We provide the following responses to your comments. If the responses meet to your satisfaction, we intend to file a Pre-Effective Amendment to the Registration Statement on or about May 23, 2008. We will also submit a request to accelerate the effectiveness of the Registration Statement to the earliest date practicable after filing of the Pre-Effective Amendment, but no later than June 2, 2008.
Comment 1a: Fee Table – Please consider including an explanation that the M&E for the “L Share” option is assessed for the duration of the contract (not merely for the duration of the standard surrender charge schedule).
Response 1a:We will add disclosure to explain that, irrespective of the surrender charge option that is chosen, the applicable M&E charge will be assessed for the duration of the contract and not merely for the duration of the surrender charge period.
Mark Cowan
Office of Insurance Products
United States Securities and Exchange Commission
Page 2
Comment 1b: Fee Table – Please explain how the “Maximum Total Separate Account Annual Expenses” are calculated given that the base against which the various charges are assessed are different.

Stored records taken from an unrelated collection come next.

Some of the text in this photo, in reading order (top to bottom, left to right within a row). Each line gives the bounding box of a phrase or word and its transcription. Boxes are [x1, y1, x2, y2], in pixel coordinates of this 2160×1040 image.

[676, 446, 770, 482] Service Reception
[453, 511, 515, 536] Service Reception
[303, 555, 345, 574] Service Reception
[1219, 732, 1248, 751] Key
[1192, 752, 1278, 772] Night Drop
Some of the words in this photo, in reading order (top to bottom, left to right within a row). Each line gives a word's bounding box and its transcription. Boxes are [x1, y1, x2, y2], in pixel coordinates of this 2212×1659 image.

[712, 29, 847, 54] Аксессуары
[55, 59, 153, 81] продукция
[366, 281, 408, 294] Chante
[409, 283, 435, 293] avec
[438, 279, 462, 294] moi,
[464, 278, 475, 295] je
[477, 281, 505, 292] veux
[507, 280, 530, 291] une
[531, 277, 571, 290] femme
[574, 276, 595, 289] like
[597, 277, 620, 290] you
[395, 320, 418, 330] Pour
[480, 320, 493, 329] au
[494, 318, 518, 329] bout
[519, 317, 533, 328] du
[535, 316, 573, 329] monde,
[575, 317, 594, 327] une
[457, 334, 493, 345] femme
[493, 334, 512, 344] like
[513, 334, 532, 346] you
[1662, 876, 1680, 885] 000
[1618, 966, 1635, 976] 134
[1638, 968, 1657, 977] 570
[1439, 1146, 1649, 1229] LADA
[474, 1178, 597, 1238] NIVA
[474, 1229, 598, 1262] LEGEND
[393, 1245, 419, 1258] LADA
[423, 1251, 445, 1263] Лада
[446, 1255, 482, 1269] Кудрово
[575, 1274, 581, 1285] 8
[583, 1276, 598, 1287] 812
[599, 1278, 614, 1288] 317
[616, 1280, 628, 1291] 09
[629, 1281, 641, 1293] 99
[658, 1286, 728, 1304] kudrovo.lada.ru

Response 1b:Based on this Staff comment, we intend to separate the fee table to reflect charges assessed against different bases. The “Maximum Total Separate Account Annual Expenses” for the L Share Option will reflect the mortality and expense risk charge (1.50%), the administrative expense charge (0.15%) and the joint annuitant charge (0.05%), for Maximum Total Separate Account Annual Expenses of 1.70%. The “Maximum Total Separate Account Annual Expenses” for the B Share Option will reflect the mortality and expense risk charge (1.20%), the administrative expense charge (0.15%) and the joint annuitant charge (0.05%), for Maximum Total Separate Account Annual Expenses of 1.40%.
Comment 2: Annual Portfolio Expenses – Please advise the staff whether any of the available portfolio companies invest in shares of one or more Acquired Funds. If so, please confirm that Total Annual Portfolio Operating Expenses for the portfolio company include fees and expenses incurred indirectly by the portfolio company as a result of investment in shares of one or more Acquired Funds, calculated in accordance with Instruction 3(f) to Item 3 of Form N-1A.

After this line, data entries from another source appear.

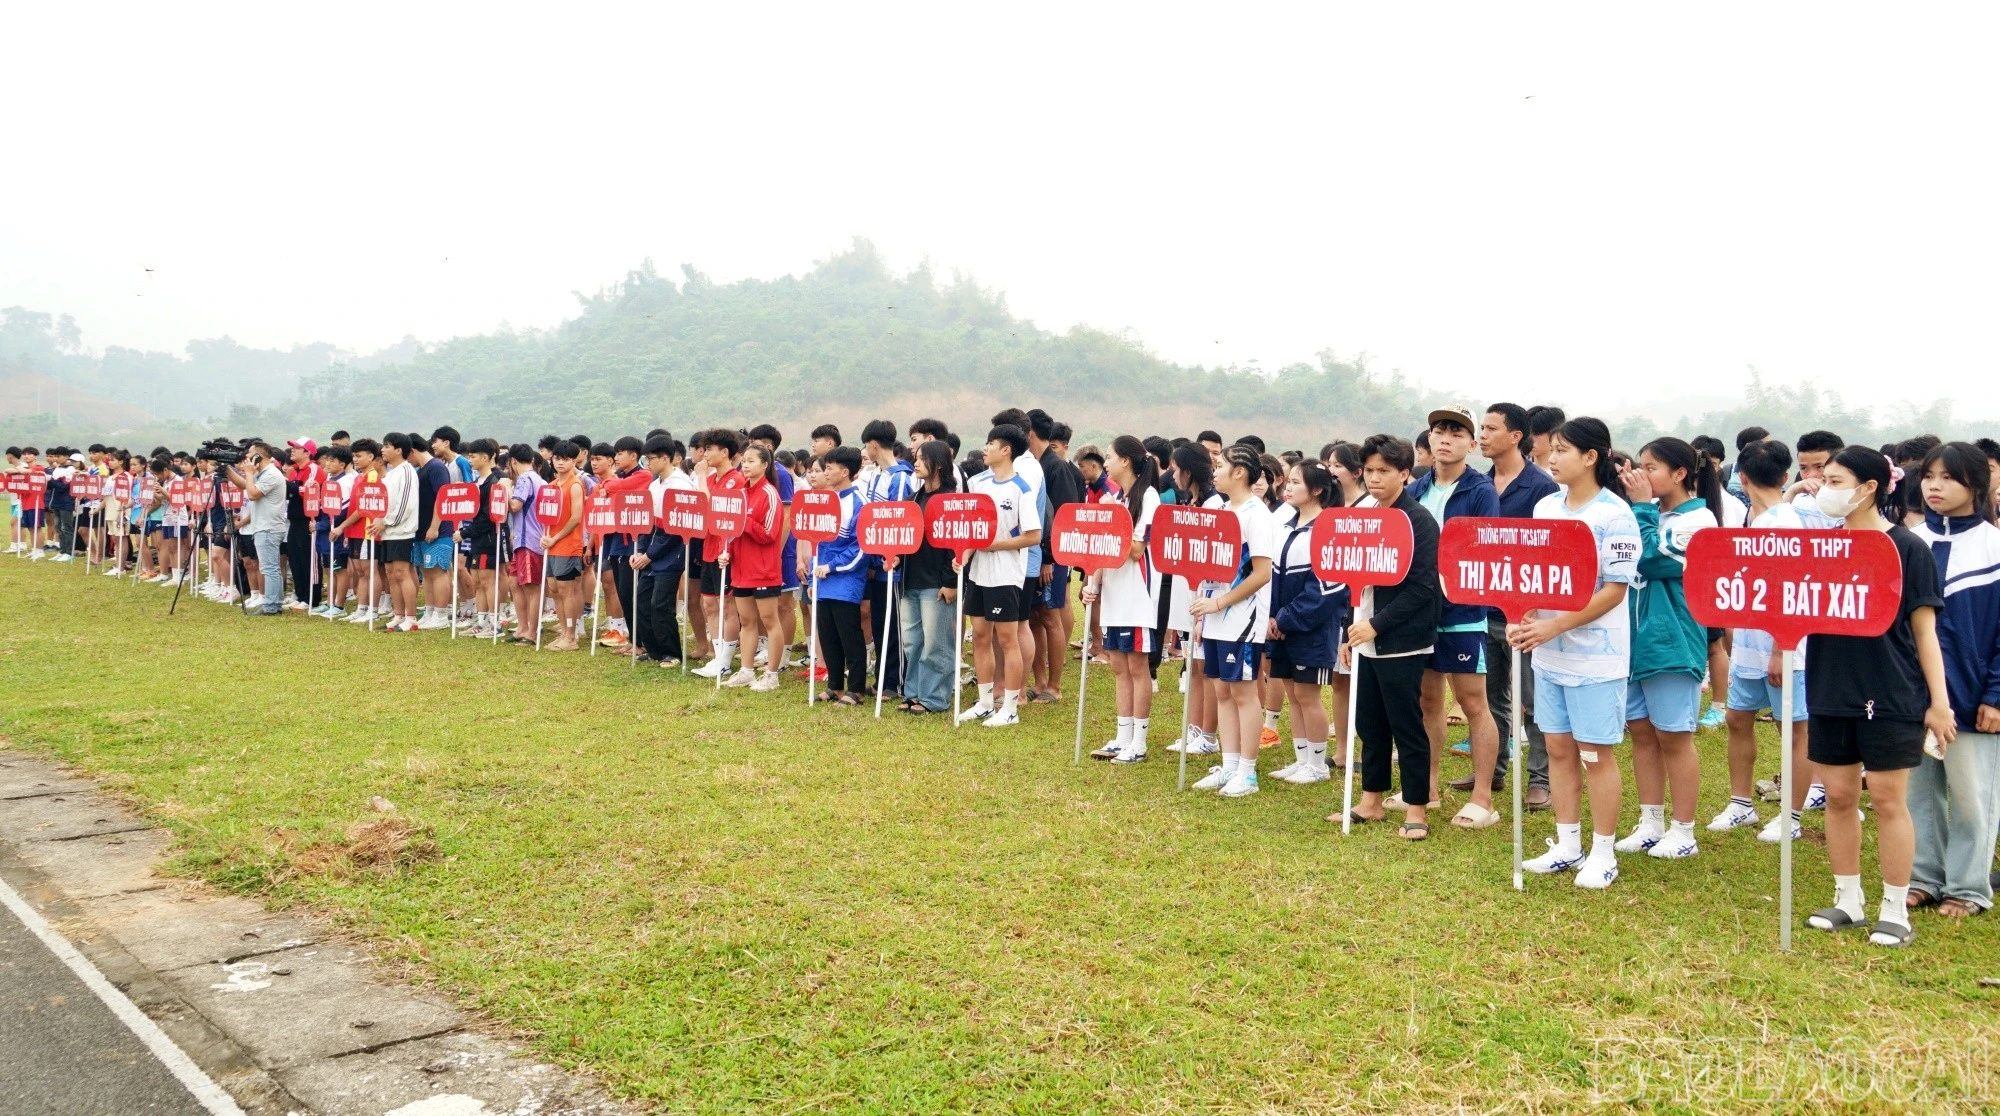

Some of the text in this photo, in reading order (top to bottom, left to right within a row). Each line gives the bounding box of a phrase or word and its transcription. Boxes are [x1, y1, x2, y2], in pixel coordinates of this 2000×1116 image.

[892, 508, 905, 518] THPT
[964, 499, 977, 510] THPT
[620, 507, 628, 526] SỐ
[628, 510, 631, 526] 1
[669, 506, 677, 526] SỐ
[678, 512, 682, 527] 2
[796, 508, 803, 530] SỐ
[803, 513, 807, 530] 2
[933, 514, 988, 539] SỐ 2 BẢO YÊN
[1200, 513, 1216, 528] THPT
[1364, 518, 1382, 534] THPT
[866, 521, 914, 546] SỐ 1 BÁT XÁT
[1059, 528, 1121, 557] MƯỜNG KHƯƠNG
[1164, 532, 1234, 567] NỘI TRÚ TỈNH
[1321, 536, 1398, 574] SỐ 3 BẢO THẮNG
[1810, 538, 1852, 558] THPT
[1458, 557, 1572, 596] THỊ XÃ SA PA
[1716, 566, 1869, 620] SỐ 2 BÁT XÁT

Response 2:The available portfolio companies may invest in shares of one or more Acquired Funds. Please note, however, that we rely on the portfolio companies to provide us with Total Annual Portfolio Operating Expenses and we, in turn, disclose the range of expenses for all available portfolios in the contract prospectus, as permitted by Item 3(a) of Form N-4 (see also Instruction 17(a) to Item 3(a)). Therefore, we rely on the portfolio company to provide us with Total Annual Portfolio Operating Expenses that comply with Instruction 3(f) to Item 3 of Form N-1A.
Comment 3: Power of Attorney (Part C) – If any name is to be signed to the registration statement pursuant to a power of attorney, please ensure that the power of attorney “relates to a specific filing” as required by Rule 483(b) under the Securities Act of 1933.
Response 3: Names signed to the Registration Statement pursuant to a power of attorney will be effected pursuant to a power of attorney that “relates to the specific filing.”
Comment 4: Financial Statements, Exhibits and Other Information – Financial statements, exhibits and other information not included in the registration statement should be filed by pre-effective amendment.
Response 4: All financial statements, exhibits, and other information not included in the Initial Registration Statement are included in the Pre-Effective Amendment.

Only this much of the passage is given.